Thirst
#5
(01-10-2016, 07:57 AM)Achebe Wrote:  I wrote a crit earlier, but you didn't find it 'constructive' enough, so I replaced it with the version above.
The image you're trying to create is undermined by factual inaccuracy and glaringly false analogies.

On the other hand, some of the lines read quite well, so you've certainly got a knack for writing.
Wait, what other crit? When I look at the thread I only see my two posts before yours ... am I missing something? 

Anyway, thank you for your feedback. I don't agree with a lot of what you've said (of course oil isn't ACTUALLY dinosaur's blood, the language is pretty blatantly figurative), but you've still given me some good suggestions to think about.

Thank you for your feedback, Erthona! There are a couple of things I want to comment on/ask about specifically:

(01-10-2016, 10:45 PM)Erthona Wrote:  Pumped into the sky to burn, the warmth of prehistoric heartbeats melts the ice to water palm trees. (Use enjambment judiciously) Is this a sentence? What is pumped? Pumped is the verb, but there is no subject, following pumped is a dependent clause. 
The subject is "the warm of prehistoric heartbeats". Maybe the meaning isn't entirely clear, but strictly speaking it is grammatically correct.
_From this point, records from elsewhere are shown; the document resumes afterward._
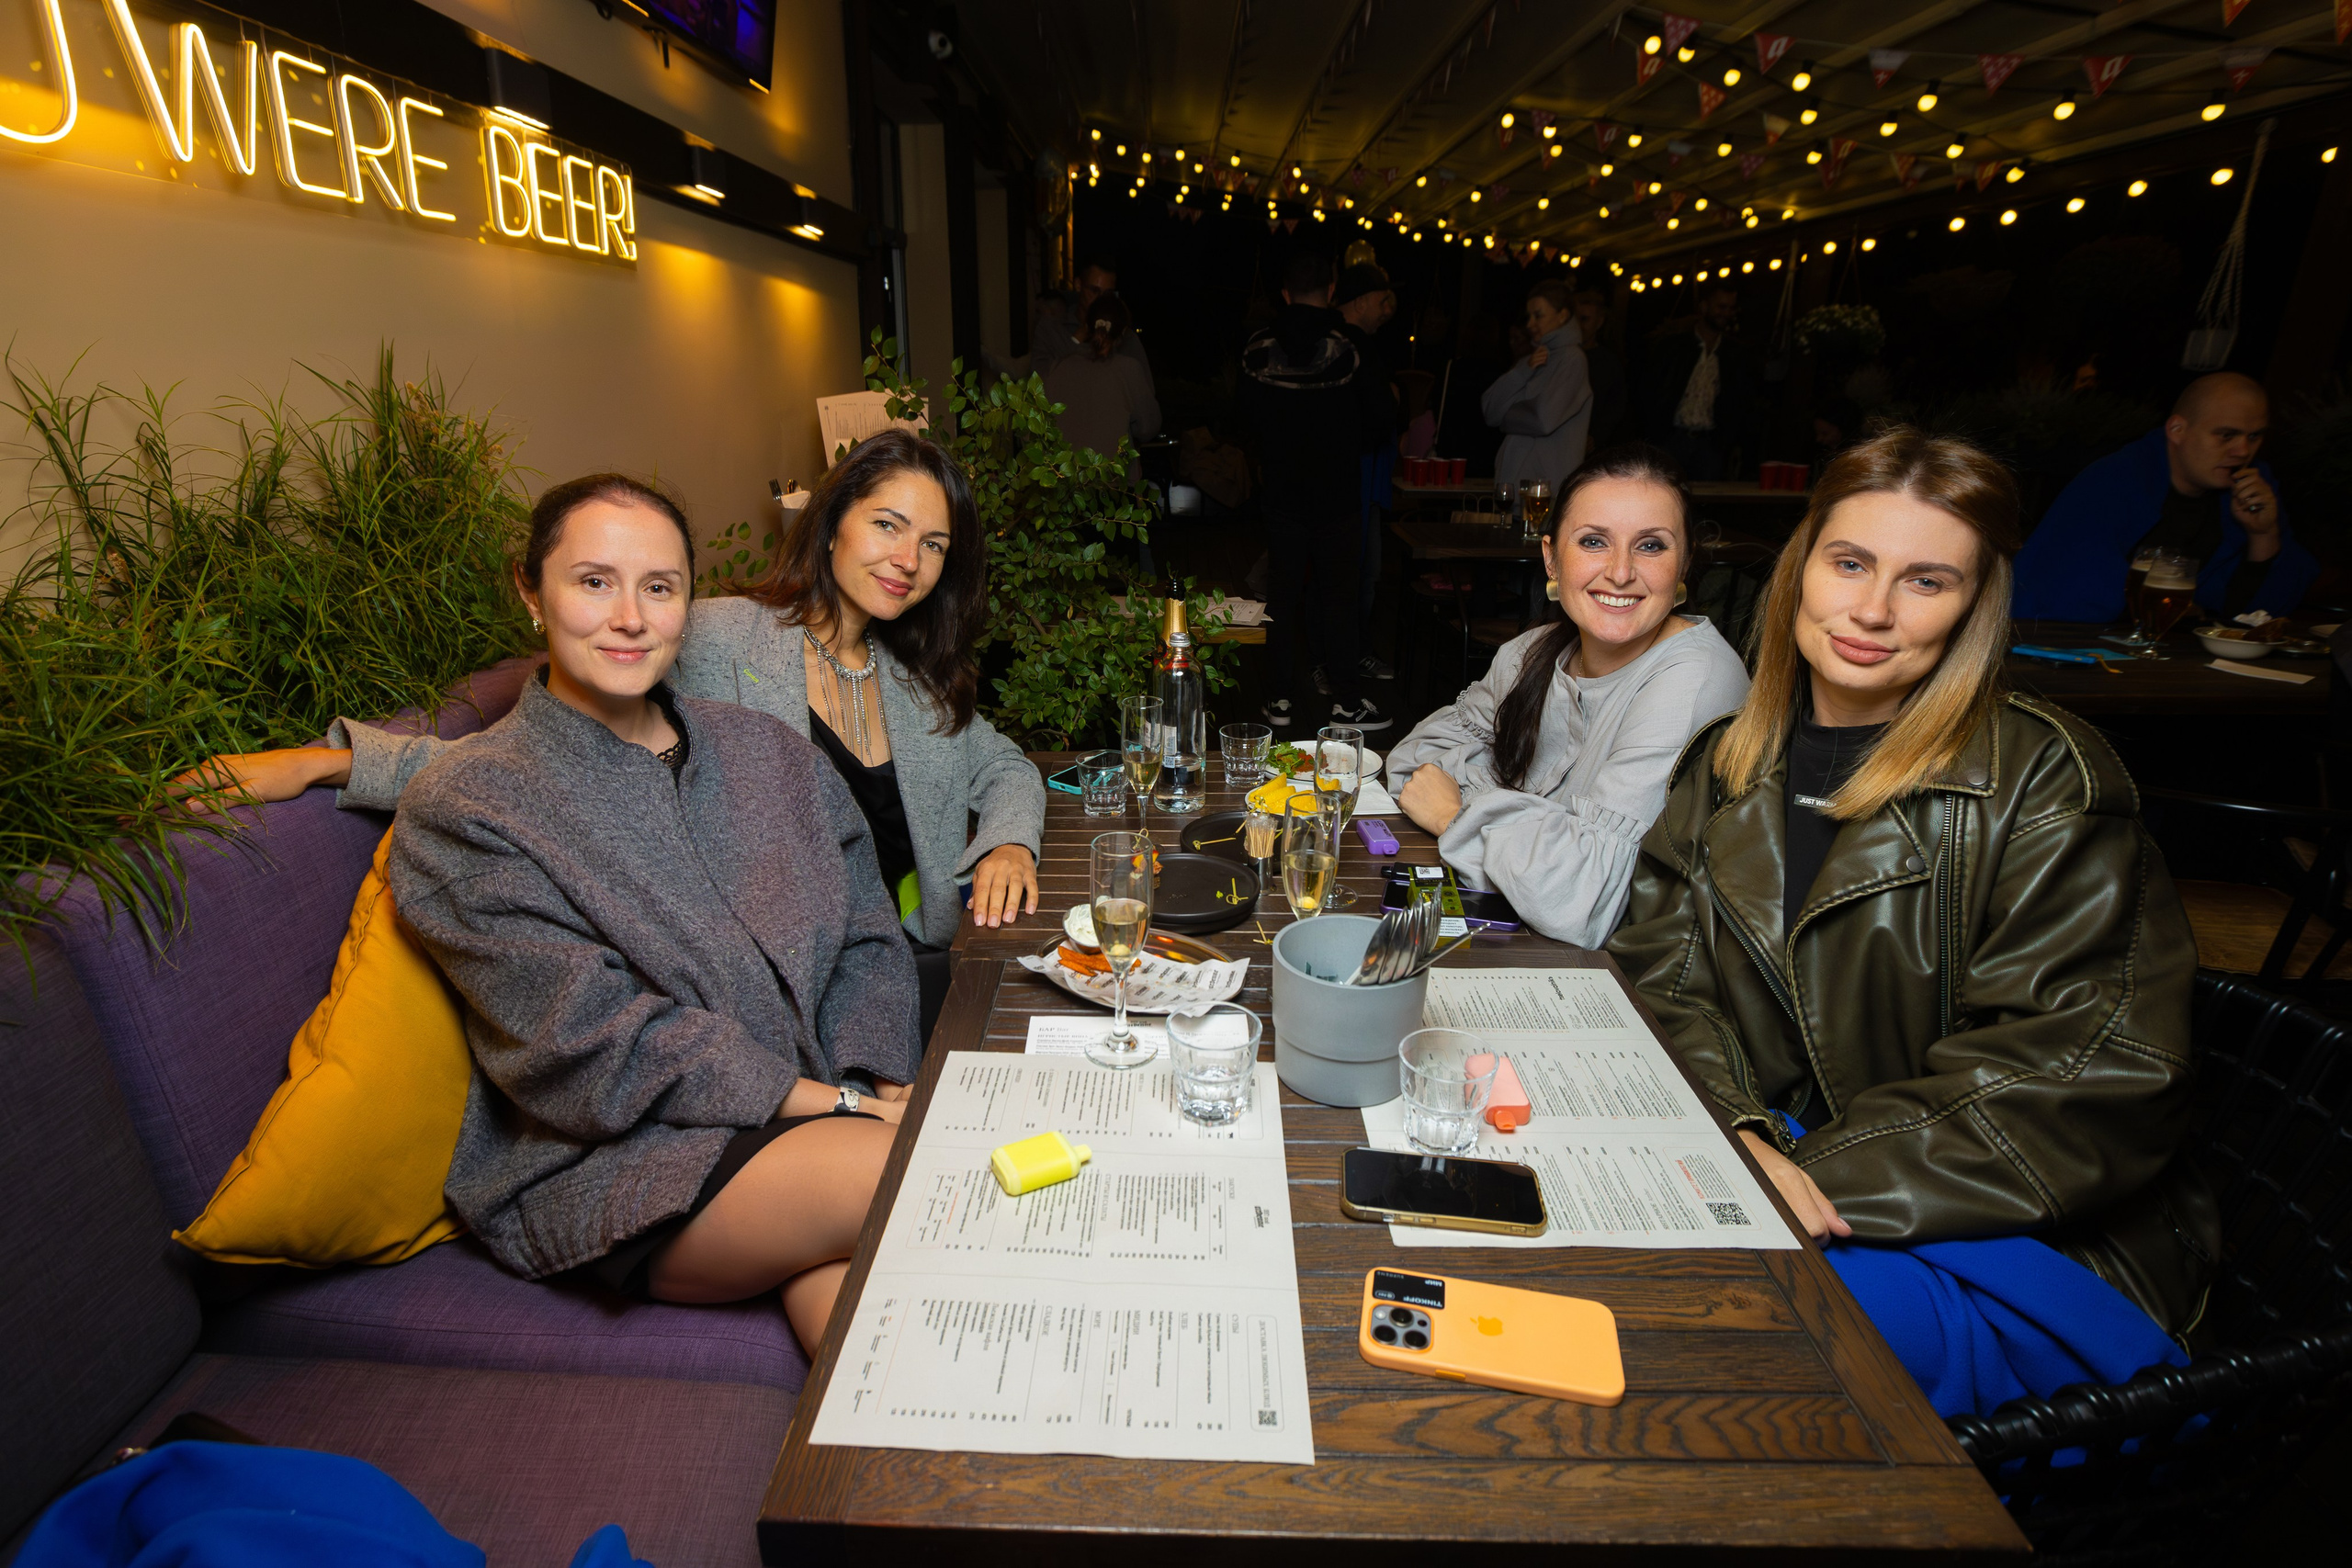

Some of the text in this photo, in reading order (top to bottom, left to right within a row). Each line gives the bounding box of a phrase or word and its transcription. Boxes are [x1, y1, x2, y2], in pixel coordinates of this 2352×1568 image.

[99, 0, 458, 223] WERE
[481, 123, 638, 262] BEER!
[1799, 796, 1815, 806] JUST
[1376, 1271, 1405, 1280] SUPREME
[1424, 1279, 1442, 1287] МИР
[1402, 1295, 1442, 1308] TINKOFF
[1041, 1305, 1053, 1337] СЛАДКОЕ
[1092, 1311, 1102, 1329] МОРЕ
[1231, 1314, 1239, 1334] СУПЫ
(01-10-2016, 10:45 PM)Erthona Wrote:  Larva plump like rice in stagnant swamps. (Dependent clause. No verb in this one. "Larva was/is plump...")
Plump IS a verb. Or, rather, plump can be used as a verb, adjective, noun, OR adverb, depending on the context.  As a verb, "plump" means "to grow plump". I think it works very well in this context, but if you disagree I'll consider changing it. 
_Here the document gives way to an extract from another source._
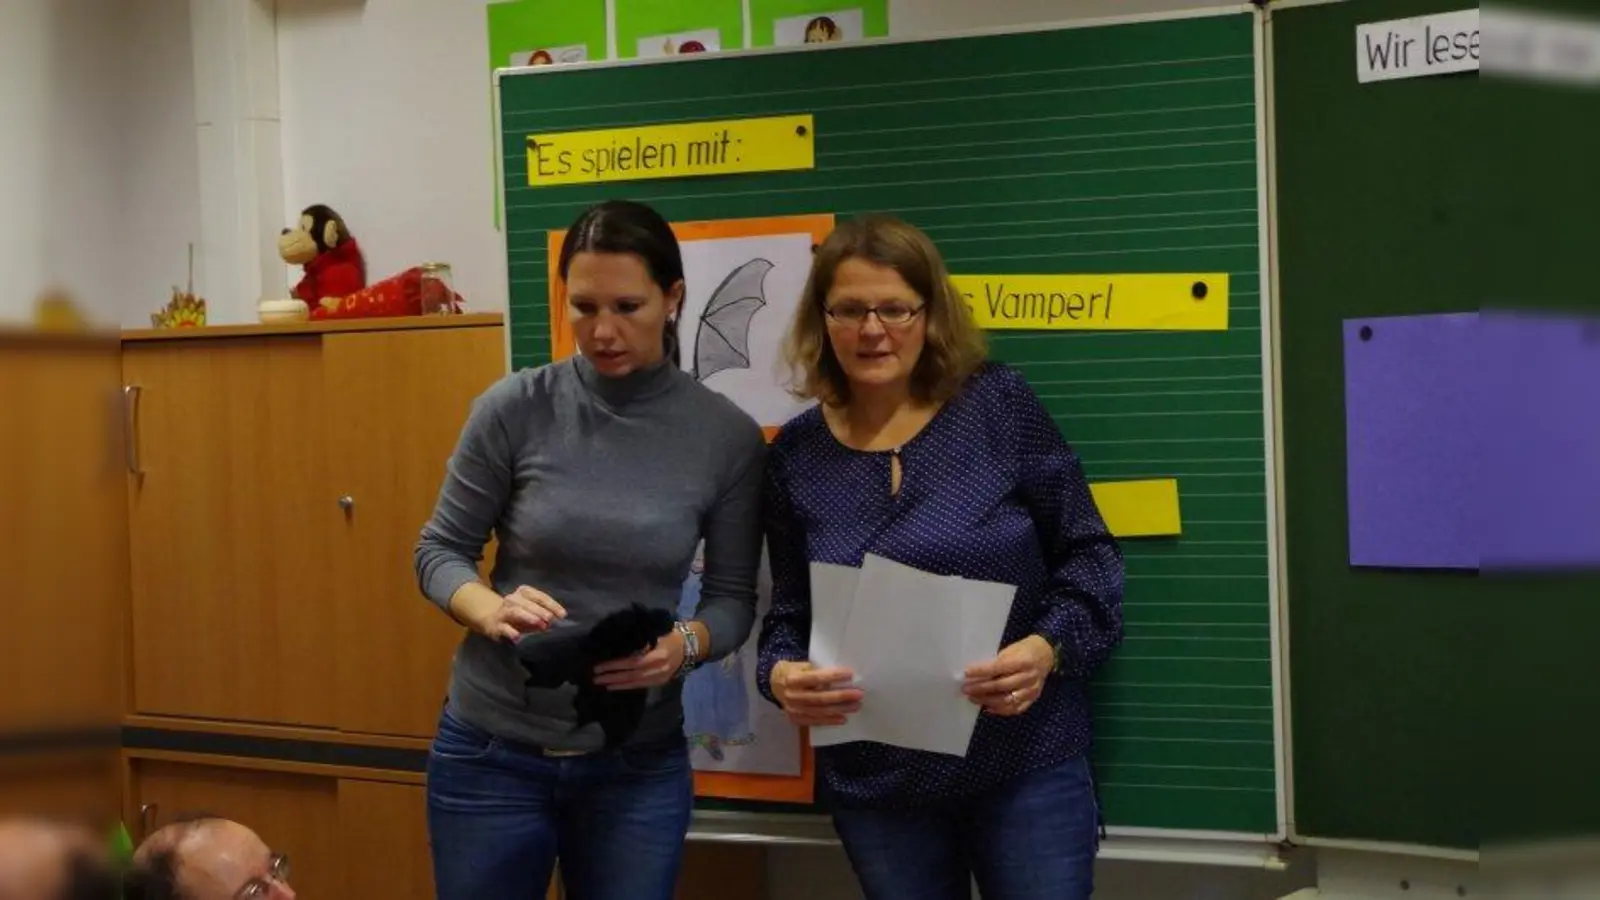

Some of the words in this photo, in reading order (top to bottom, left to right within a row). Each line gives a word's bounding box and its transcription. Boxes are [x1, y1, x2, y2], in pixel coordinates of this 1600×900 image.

[1365, 31, 1415, 70] Wir
[536, 142, 572, 177] Es
[580, 136, 677, 179] spielen
[984, 282, 1114, 324] Vamperl
(01-10-2016, 10:45 PM)Erthona Wrote:  The siren clout of dino-blood's (dino's-blood's, personally I'd write the word out, the poem gains nothing from the abbreviated "dino", calls to mind the "Flintstones" ) temptation draws them from the tropics. (Again ad hoc use of enjambment. I'm sorry but this whole line is just awkwardly said. If the writer is meaning to say that the burning of fossil fuels is warming the environment and causing the mosquitoes that carry malaria to move beyond their normal range, it is not very clear, nor very elegant. I think it starts with "siren clout" which should be "siren's clout", but either way it is a clumsy usage. Sorry, don't mean to be harsh, but it just is and another needs to be found. I can appreciate trying to avoid cliche, but "siren's draw" would be better than "clout". Plus with "blood" being so close it is easy to think of "clot".) 
Well, to be fair, I used clout specifically because of the similarity with clot to keep the whole blood metaphor consistent throughout. But your other comments are well put. You are correct about what the attempted meaning of the phrase was. I'll fiddle with this more to make it more apparent.

(01-10-2016, 10:45 PM)Erthona Wrote:  Led astray, bearing minuscule conquistadors: protozoans wave their whip-like flags and pray in chapels made of chitin. I had to read this line several times before I understood the meaning. I think a better word than bearing is in order, maybe "infected by". In this situation "Bearing" is to ambiguous, and this is a place one does not want to be ambiguous, although I do like the image "minuscule conquistadors". Don't really get the reference to the "chapel of chitin". That doesn't really seem to fit what is being said.
Well, mosquitoes are made of chitin (or, rather, their exoskeletons are). So chapel of chitin is just referring to them being inside the mosquitoes, and chapels is just trying to emphasize the conquistador analogy, as they were so heavily motivated by religion. 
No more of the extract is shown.